• **Assigned task**
What's needed is an exact copy of all the data below, without pictures.

• **Task inputs**
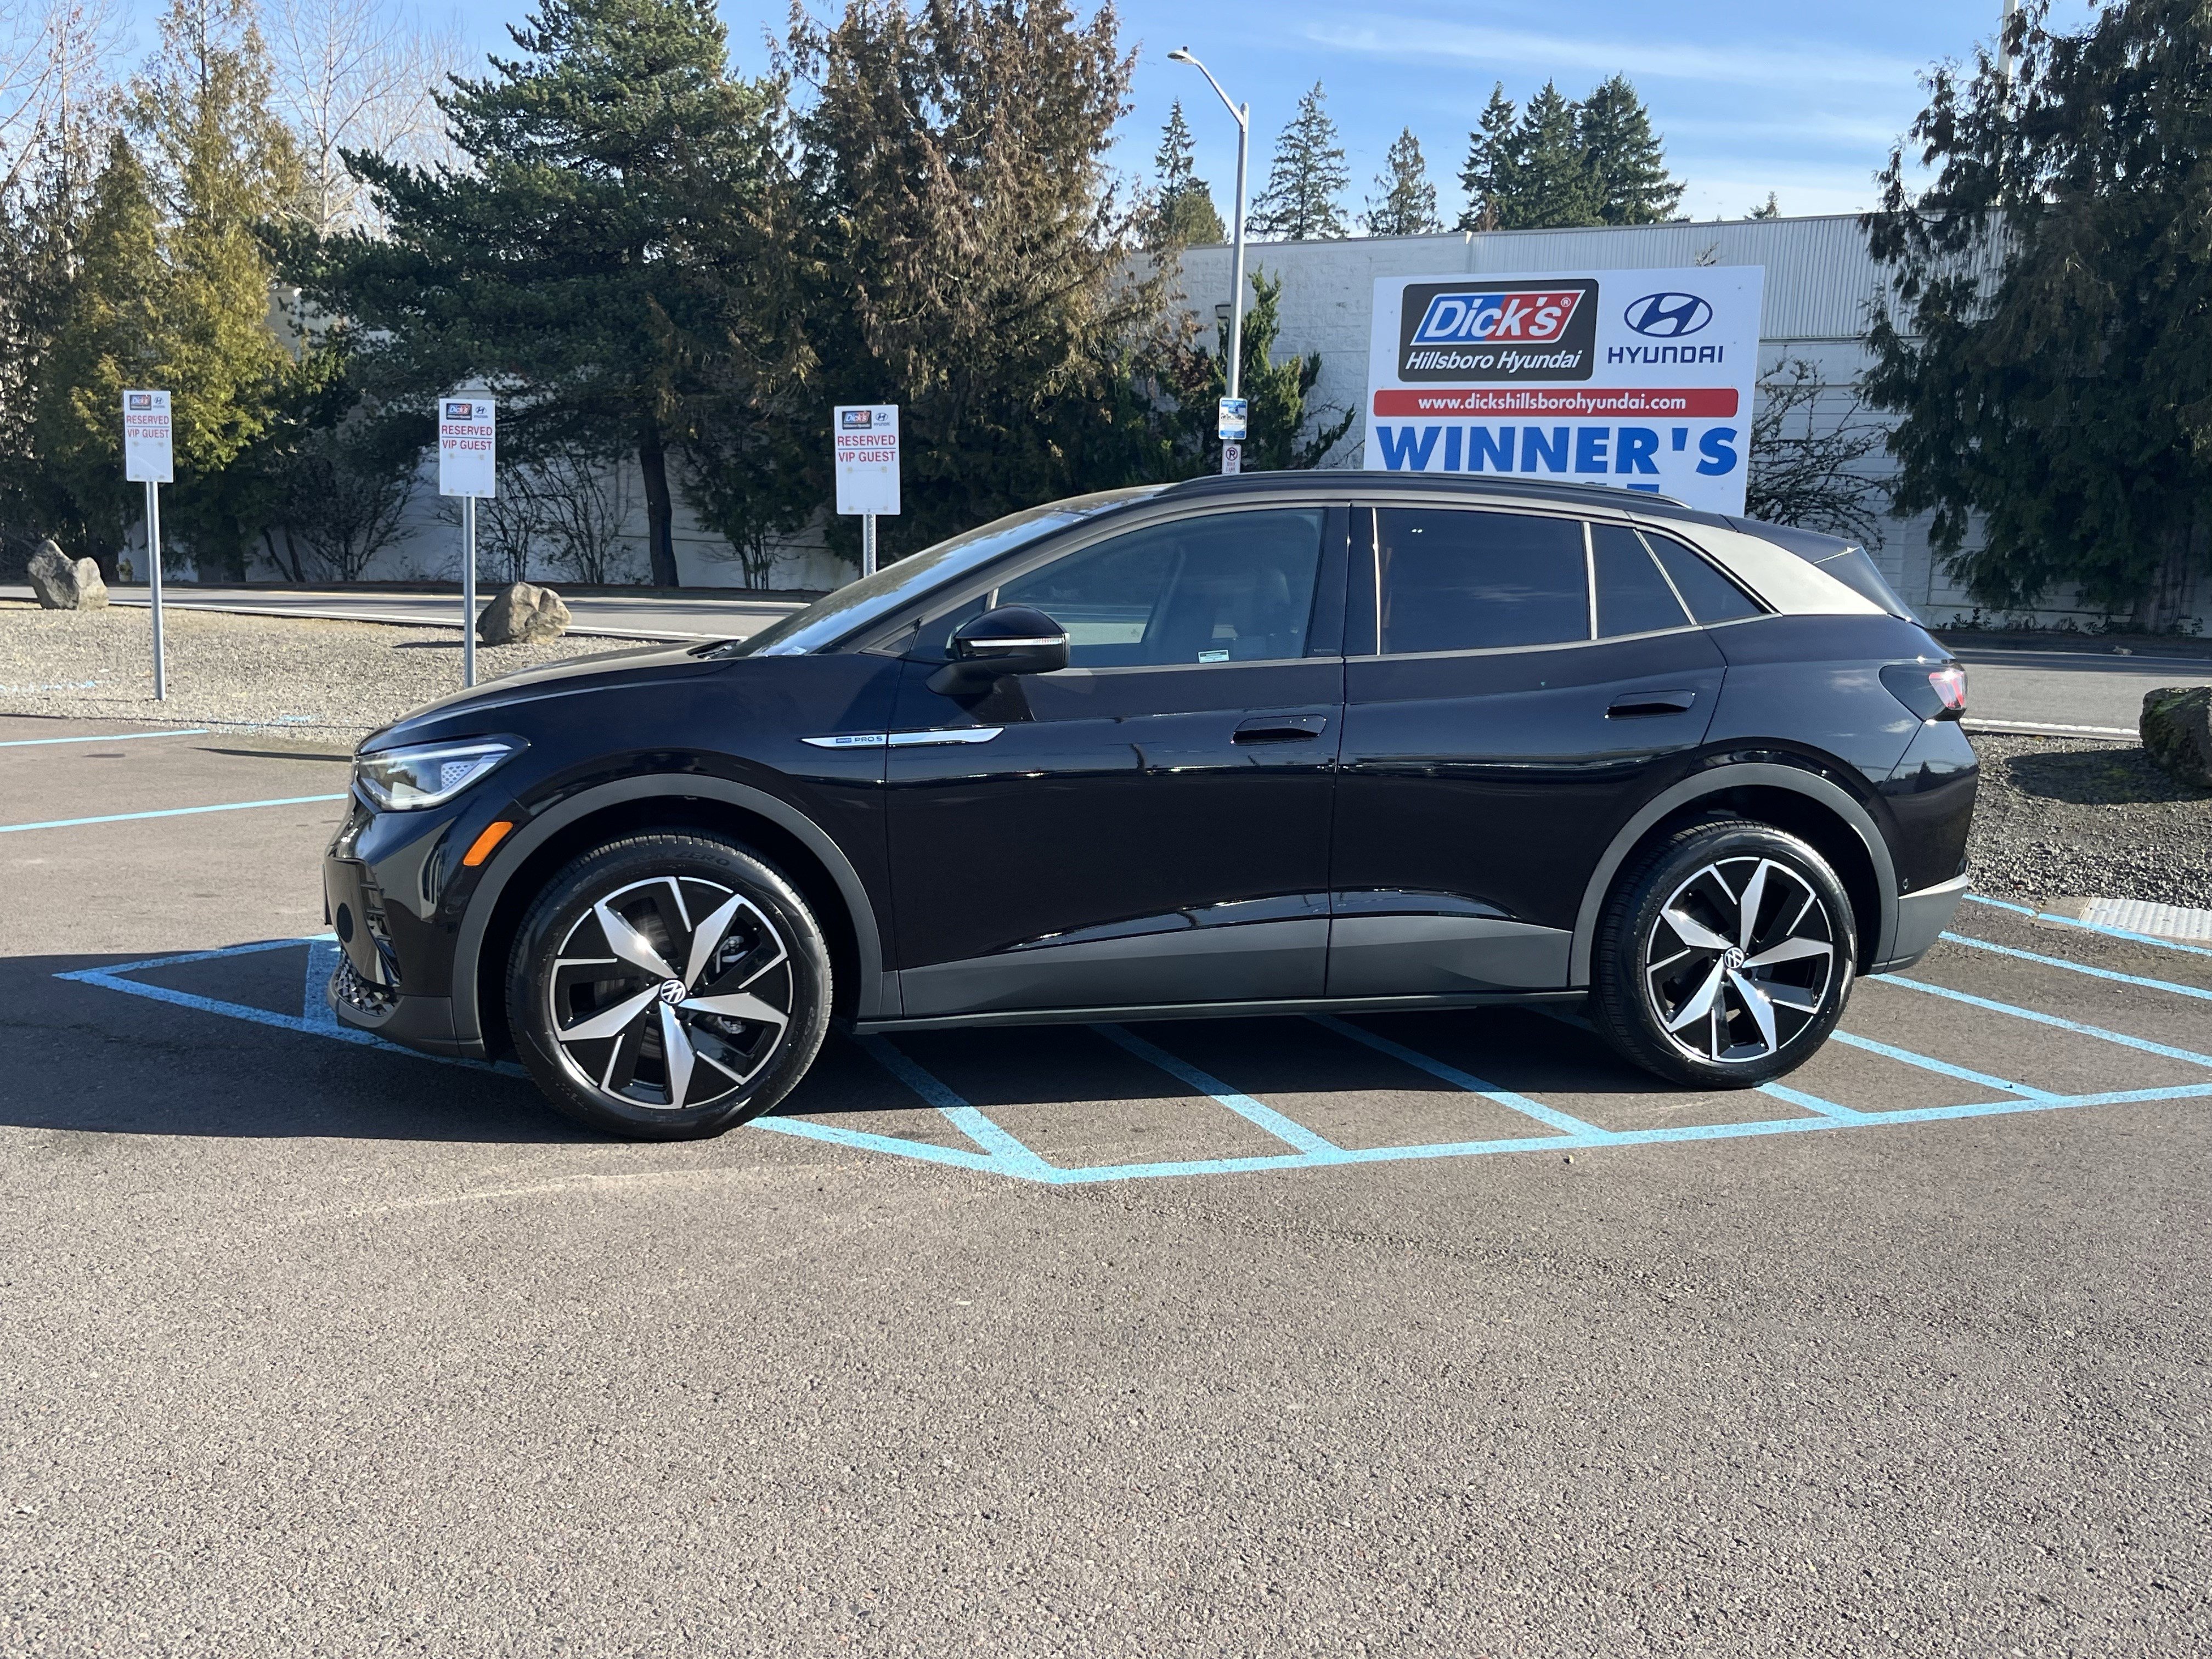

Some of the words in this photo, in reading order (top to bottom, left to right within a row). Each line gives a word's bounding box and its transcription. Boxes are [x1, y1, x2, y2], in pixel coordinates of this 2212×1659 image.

[1607, 345, 1723, 364] HYUNDAI
[1405, 351, 1494, 370] Hillsboro
[1497, 349, 1583, 374] Hyundai
[1418, 392, 1686, 414] www.dickshillsborohyundai.com
[126, 415, 170, 425] RESERVED
[127, 429, 140, 438] VIP
[142, 428, 170, 438] GUEST
[442, 425, 493, 436] RESERVED
[442, 439, 457, 449] VIP
[460, 439, 493, 450] GUEST
[838, 435, 896, 447] RESERVED
[838, 452, 855, 462] VIP
[859, 451, 896, 462] GUEST
[1375, 426, 1739, 476] WINNER'S

• **Task answer**
Some of the words in this photo, in reading order (top to bottom, left to right within a row). Each line gives a word's bounding box and its transcription. Boxes are [x1, y1, x2, y2], in pixel coordinates of this 2212×1659 image.

[1607, 345, 1723, 364] HYUNDAI
[1405, 351, 1494, 370] Hillsboro
[1497, 349, 1583, 374] Hyundai
[1418, 392, 1686, 414] www.dickshillsborohyundai.com
[126, 415, 170, 425] RESERVED
[127, 429, 140, 438] VIP
[142, 428, 170, 438] GUEST
[442, 425, 493, 436] RESERVED
[442, 439, 457, 449] VIP
[460, 439, 493, 450] GUEST
[838, 435, 896, 447] RESERVED
[838, 452, 855, 462] VIP
[859, 451, 896, 462] GUEST
[1375, 426, 1739, 476] WINNER'S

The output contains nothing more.